╔══

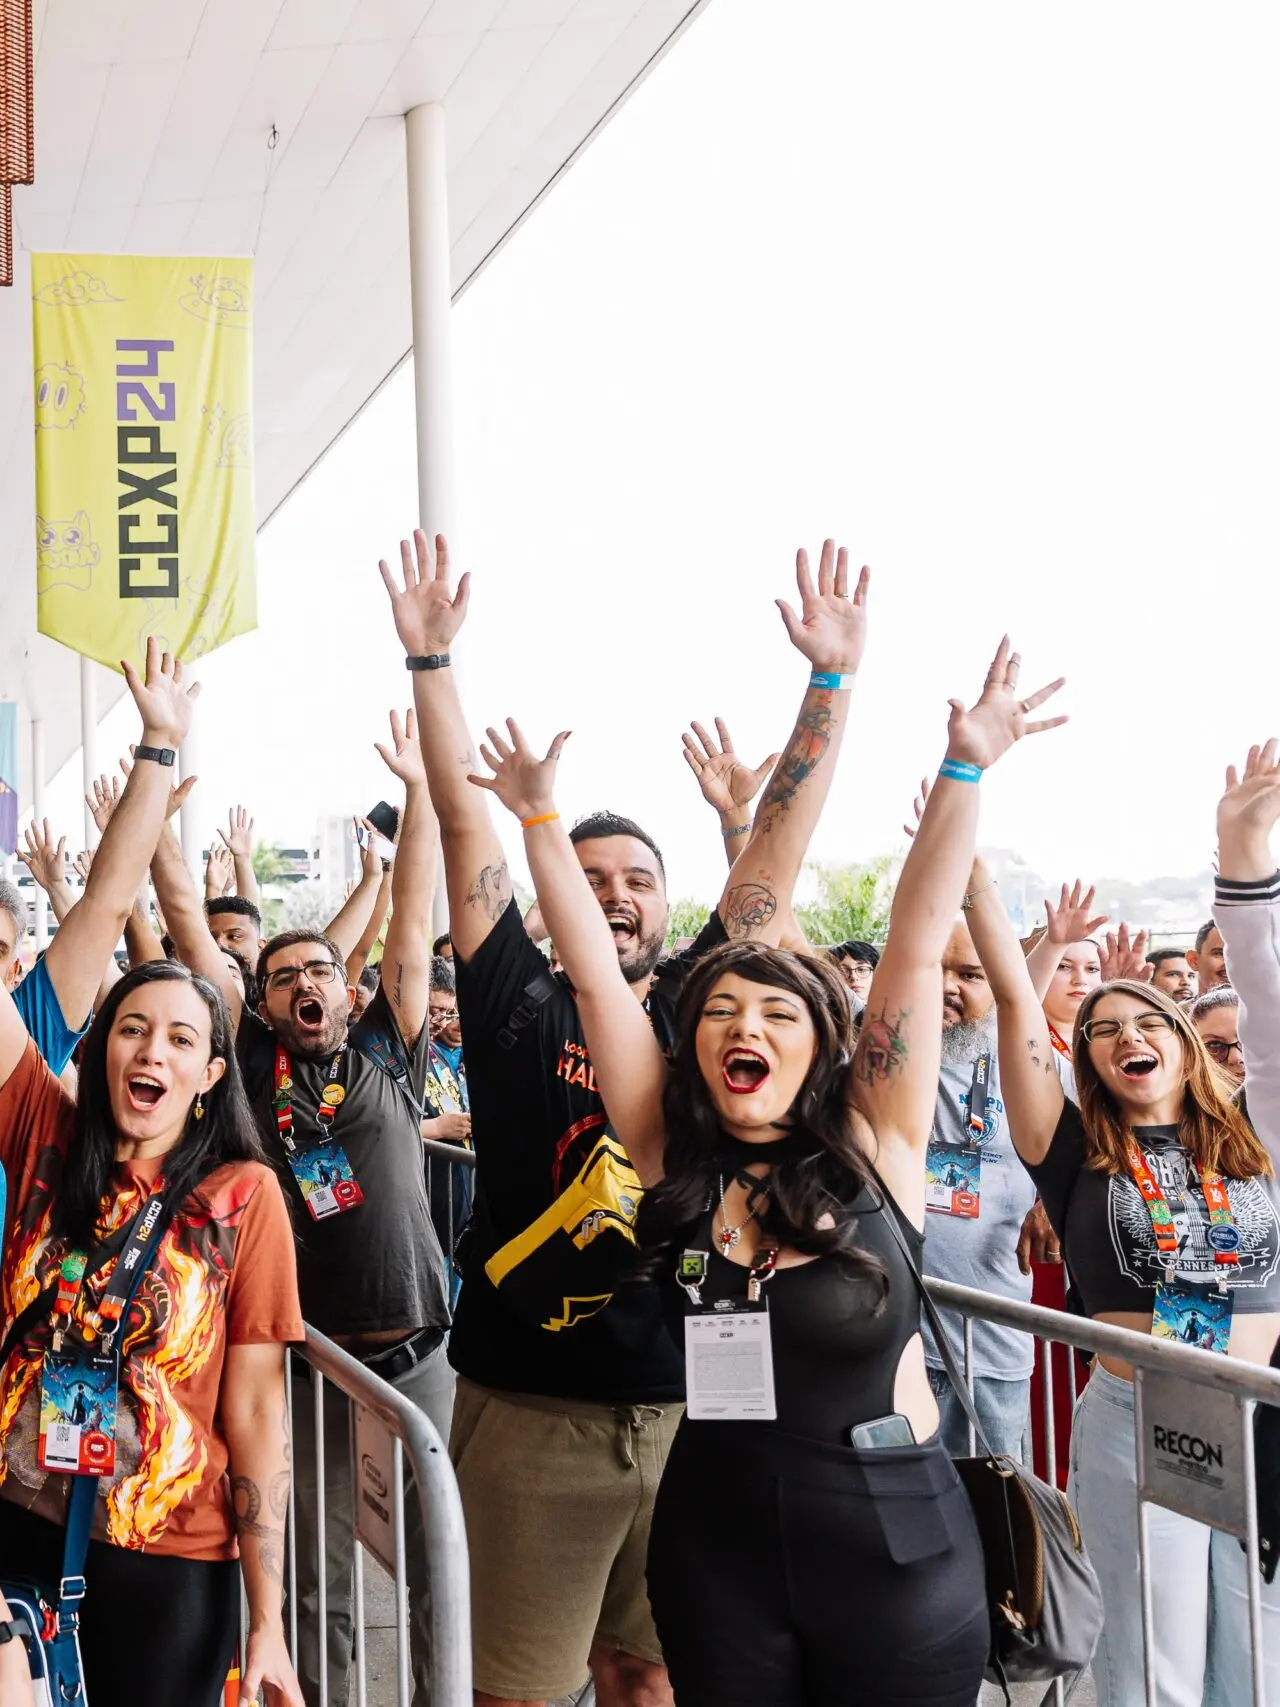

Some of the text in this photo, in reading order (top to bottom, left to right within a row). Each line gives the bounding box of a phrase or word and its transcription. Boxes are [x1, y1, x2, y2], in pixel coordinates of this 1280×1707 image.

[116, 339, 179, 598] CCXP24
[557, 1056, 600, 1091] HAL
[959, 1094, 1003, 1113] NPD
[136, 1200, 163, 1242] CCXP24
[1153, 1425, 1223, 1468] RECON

╚══

An exact transcription of the material is required, without any pictures.

▶ **YOUR RESPONSE**:
Some of the text in this photo, in reading order (top to bottom, left to right within a row). Each line gives the bounding box of a phrase or word and its transcription. Boxes are [x1, y1, x2, y2], in pixel coordinates of this 1280×1707 image.

[116, 339, 179, 598] CCXP24
[557, 1056, 600, 1091] HAL
[959, 1094, 1003, 1113] NPD
[136, 1200, 163, 1242] CCXP24
[1153, 1425, 1223, 1468] RECON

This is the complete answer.